In your most recent fund commentary, you noted the growth of passive and indexed investing and wrote that many investors are making a “rational” choice to invest that way. Given the excellent performance of the overall market in the post-crisis period, what guidance do you offer to advisors who are on the fence about the choice between active and passive?
It’s not an either-or discussion. Advisors come to our shop once a year as a group or individually, and frequently I’ll meet with them. I can see they’re wrestling with this decision. Do they want to go to DFA funds, which requires them to be totally committed that way? Or do they want to give some money to us and some to Vanguard? Most advisors look at it as a choice among alternatives.
In Barron’s over the last four or five years, they’ve talked about active share. Our funds have a very high active share relative to the benchmark. That’s the type of fund people should go to and pay a non-index manager fee. For the S&P 100 or investment-grade debt, maybe they should use an ETF or some other type of index product.
Most people are not calling 1-800-VANGUARD directly. Most funds are through an RIA or a broker. Even though people like to talk about the low fee of an ETF or Vanguard, the person doing the disintermediation is putting an additional fee on top of it.
One of the best books I’ve read recently was by Spencer Jakab. He used to be at the Financial Times, and now he writes on the back of the Wall Street Journal and Heard It on the Street. He’s got a book called Heads I Win, Tails I Win.

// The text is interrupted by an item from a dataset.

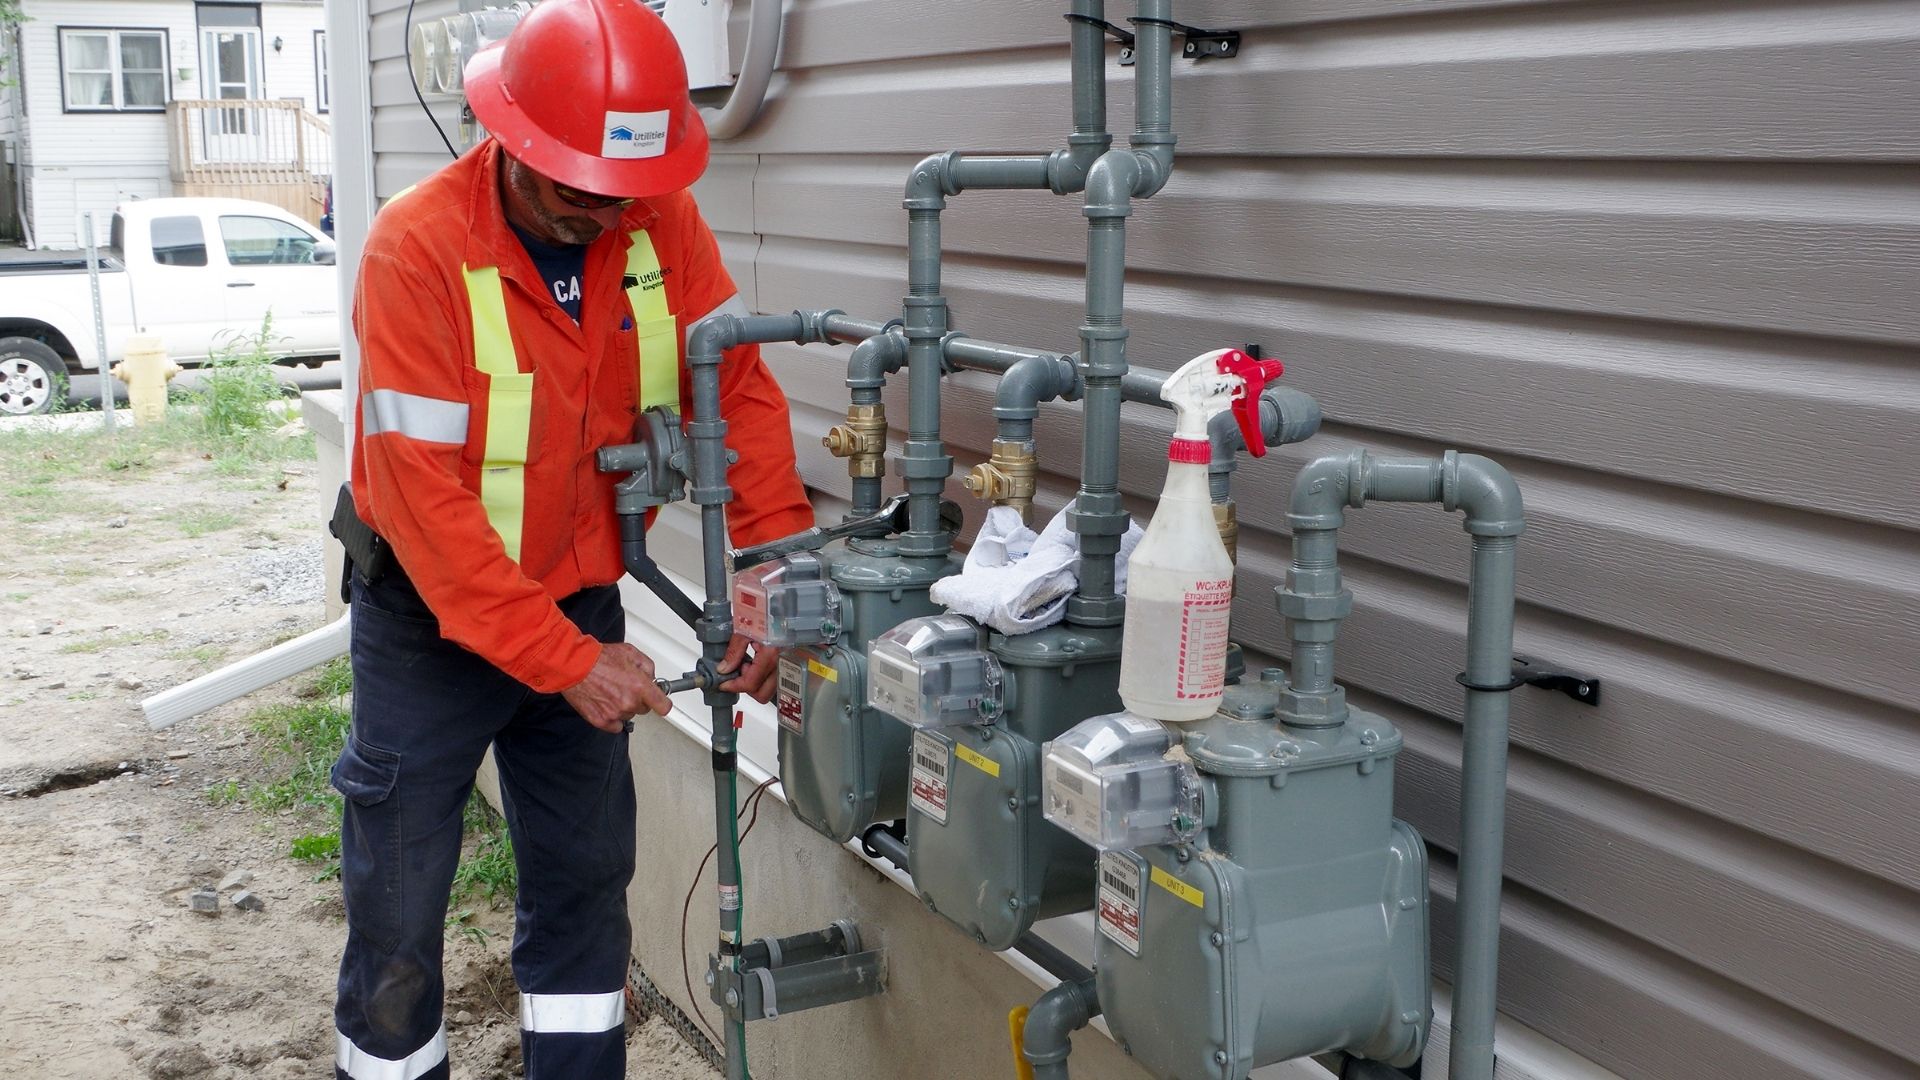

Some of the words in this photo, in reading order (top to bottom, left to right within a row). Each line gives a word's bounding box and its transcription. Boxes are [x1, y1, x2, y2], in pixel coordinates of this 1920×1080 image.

He makes a great case for not buying high and selling low. He says, “Don’t send money to lake money-be-gone.” He talks about indexing and setting it and forgetting it, but he also talks about the need for an intermediary. As I say, our goal is, “to hold people’s hand at the bottom and hold their hand at the top to keep them from mortgaging their house and giving more money.” Then he also spends a fair amount of time talking about Buffett and the speech that he gave in the mid-1980s called “The Superinvestors of Graham-and-Doddsville.”
You have to be very patient to do what we do. A lot of people just don’t have the patience. Most individual investors are going to give you maybe three years. If the market has gone up a lot, and you’ve only gone up a moderate amount, you’re probably subject to being terminated.